Wednesday 18 August 2010

let's fly down

Cromer is getting better. Once an elegant and genteel Victorian resort, the town went through a bad patch some years ago. Its haute-couture blazer wore through at the elbow, the cuffs frayed and a button dropped off. Now the seamstresses have been hard at work. A smart leather patch has been expertly sewn onto the arms, the cuffs have been turned and sparkling new brass buttons adorn the front. Today, part of the original grandeur is again being glimpsed.


Our arrival in the town had a touch of ‘good news, bad news’ about it. The good news is we parked easily and avoided the frantic crush. The bad news is we were a day early for Carnival. Never mind. We found in the town an air of expectancy, as if a band could be heard approaching from afar but the leader had yet to appear over the brow of the hill. To call the anticipation ‘fever pitch’ would be gross exaggeration. This is Norfolk. Full of character and characters it is; febrile it is not.

Yet we knew something was about to happen. For a start, the sun broke through at last. Then we saw fairgrounds and fluttering breeze-tickled bunting; the signs for extra parking; heavily laden drays delivering extra supplies to the pubs; holiday-makers wandering around with programmes in their hands; a jazz band playing. Cromer was a-buzz.
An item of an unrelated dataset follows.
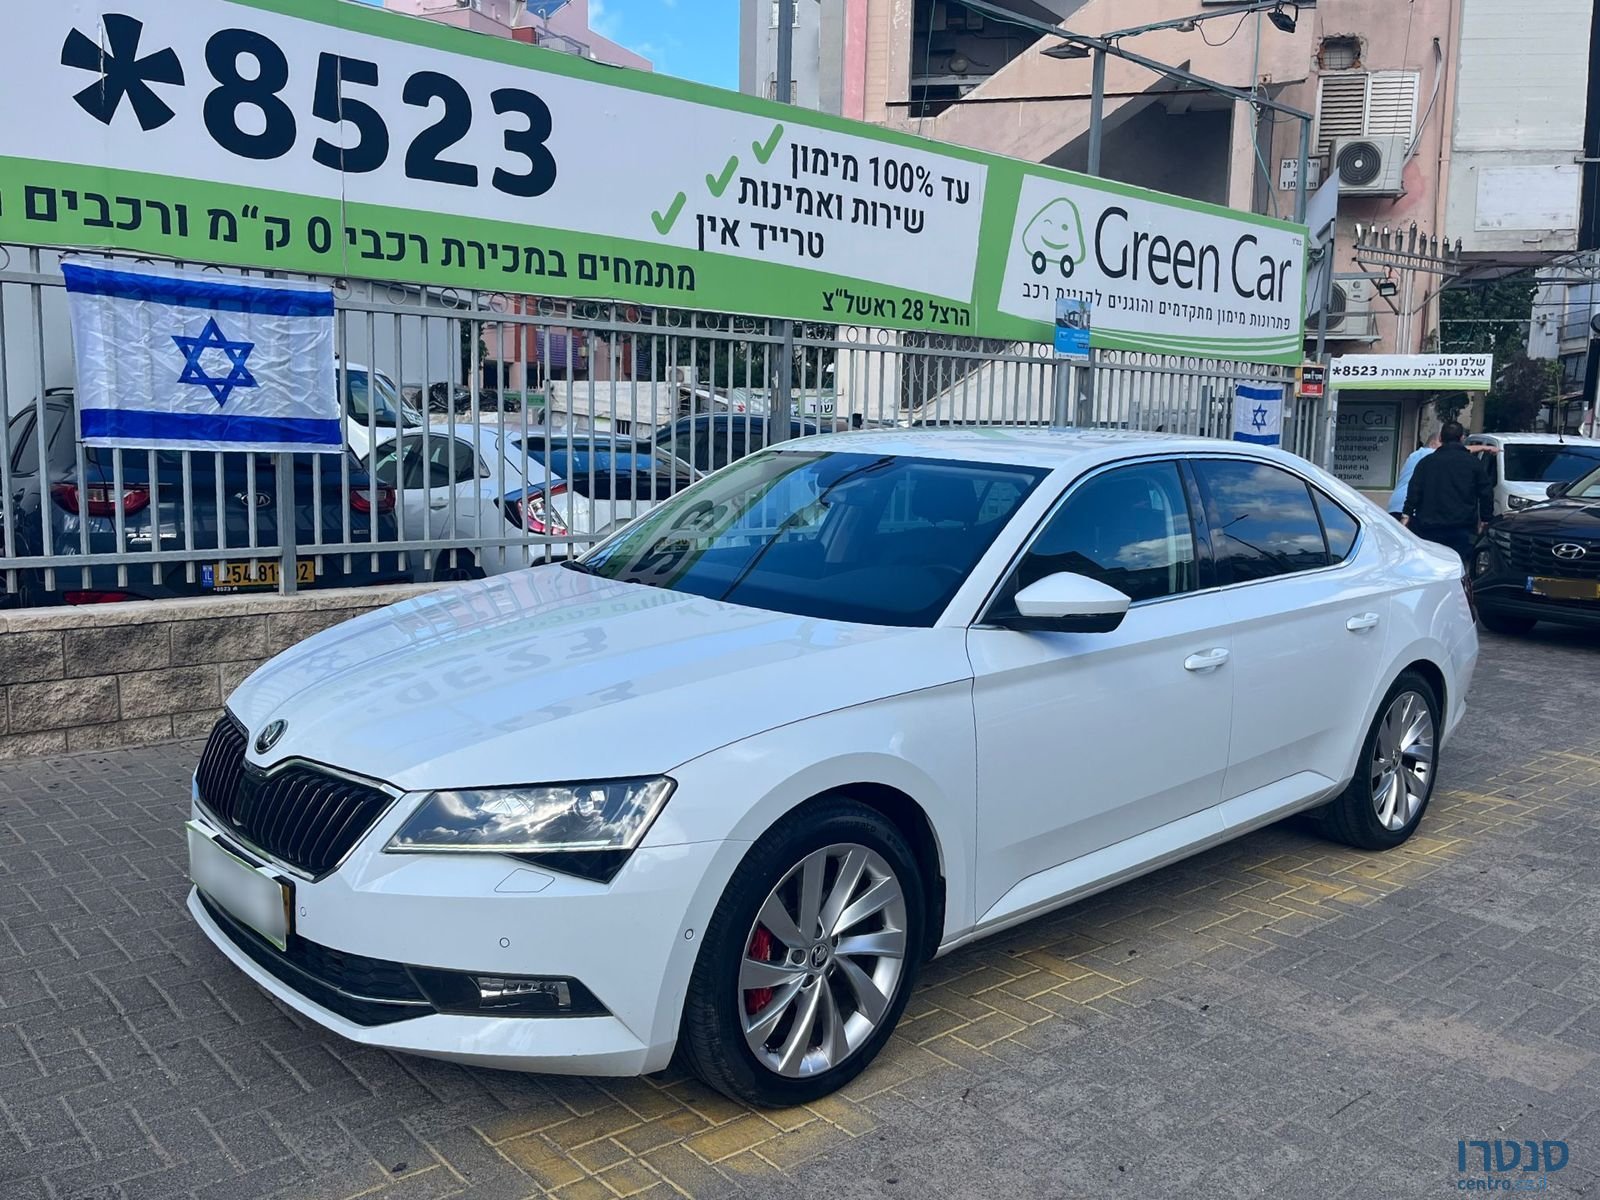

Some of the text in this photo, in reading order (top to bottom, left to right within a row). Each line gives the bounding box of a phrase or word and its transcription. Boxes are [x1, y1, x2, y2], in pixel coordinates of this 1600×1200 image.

Jazz? To my delight, I encountered The Smokehouse Blue Jazz Marching Band marking time in a lazy circle on the corner by the old tobacconist’s shop, saxophones (Mick Murphy on alto), trombone, clarinet, trumpets, drum et al pumping out pure New Orleans. For what is Carnival without a jazz band? Nothing but a wan replica, a plastic Mona Lisa, a £20 note bearing the image of Cheryl Cole, a cheese and tomato sandwich made with Edam.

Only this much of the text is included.